Mot d’un interne en FST sommeil

Publié le 27 May 2022 à 08:15
#Psychiatre de l'enfant et de l'adolescent

 

Le sommeil et la psychiatrie, un lien pas évident à faire ?

Et pourtant…
Quand on parle Rêve on pense immanquablement à notre cher Sigmund Freud qui a consacré une bonne partie de sa vie à l’étude et à l’interprétation de la vie onirique de ses patients.

Au-delà de cet aspect, certes fascinant et qui continue à intéresser les Somnologues d’aujourd’hui ; le monde du sommeil est à la croisée des chemins de la psychiatrie, de la neurologie, de la pneumologie, de l’ORL et de multiples autres spécialités.

Comment me direz-vous, et bien tout simplement par la diversité des pathologies rencontrées allant de la simple apnée du sommeil (SAOS) aux parasomnies les plus complexes en passant par la narcolepsie,l’hypersomnie idiopathique ou encore le syndrome des jambes sans repos

Enfin, c’est aussi un excellent terrain de jeu pour les jeunes chercheurs, le sommeil restant actuellement un des domaines les plus mystérieux et surtout les plus importants de notre vie : nous passons quasiment 1/3 de notre vie à dormir !

Les projets de recherche sont ainsi nombreux et florissants et les bourses pour les réaliser très accessibles.
La maquette de la FST comporte deux stages en centre du sommeil d’une durée de 6 mois chacun.

Les projets de recherche sont ainsi nombreux et florissants et les bourses pour les réaliser très accessibles. La maquette de la FST comporte deux stages en centre du sommeil d’une durée de 6 mois chacun.

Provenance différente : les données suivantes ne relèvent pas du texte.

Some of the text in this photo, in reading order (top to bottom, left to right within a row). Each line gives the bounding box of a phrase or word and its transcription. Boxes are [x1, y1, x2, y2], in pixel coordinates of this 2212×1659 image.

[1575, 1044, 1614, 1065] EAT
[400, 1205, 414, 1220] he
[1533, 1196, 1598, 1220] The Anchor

Pour exemple, à Grenoble, le laboratoire est principalement dirigé par des pneumologues et est également centre de référence dans la prise en charge du syndrome d’apnées du sommeil (SAOS). Et pour autant en tant que jeune interne de psychiatrie j’y ai été très bien accueilli et ai pu me confronter à toutes les pathologies du sommeil.

Une journée type en sommeil commence généralement par la lecture des polysomnographies de la nuit (PSG, pour les intimes et rien à voir avec un club de foot parisien pour les petits rigolos). En gros, chaque laboratoire enregistre chaque nuit 4 à 8 patients selon les centres, qui sont équipés d’un dispositif permettant d’enregistrer l’EEG, la FC, la saturation, les mouvements de jambe et bien sûr sont filmés en permanence au cours de la nuit…
L’après-midi est dévolue aux futures entrées de la nuit et/ou à la consultation en fonction des jours.
Les infirmiers sont très aidants dans la lecture des PSG le matin et équipent les patients pour la nuit lors des entrées de fin d’après-midi.

Enfin, concernant les débouchés ; si le sommeil est vraiment votre « dada » (comme moi) des postes sont disponibles pour s’y consacrer à plein temps. Ce sont majoritairement des postes de physiologie mais dans lesquels vous garderez bien sûr votre qualification et vos compétences de psychiatre.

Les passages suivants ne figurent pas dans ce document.